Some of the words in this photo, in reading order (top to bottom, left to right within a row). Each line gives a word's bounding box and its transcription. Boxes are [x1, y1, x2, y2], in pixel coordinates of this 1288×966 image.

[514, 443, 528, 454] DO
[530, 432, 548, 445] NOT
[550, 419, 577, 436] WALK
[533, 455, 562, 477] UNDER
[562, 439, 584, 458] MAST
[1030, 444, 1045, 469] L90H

The task |
Repeat, word for word, all the lines above.

Response to this task |
Some of the words in this photo, in reading order (top to bottom, left to right within a row). Each line gives a word's bounding box and its transcription. Boxes are [x1, y1, x2, y2], in pixel coordinates of this 1288×966 image.

[514, 443, 528, 454] DO
[530, 432, 548, 445] NOT
[550, 419, 577, 436] WALK
[533, 455, 562, 477] UNDER
[562, 439, 584, 458] MAST
[1030, 444, 1045, 469] L90H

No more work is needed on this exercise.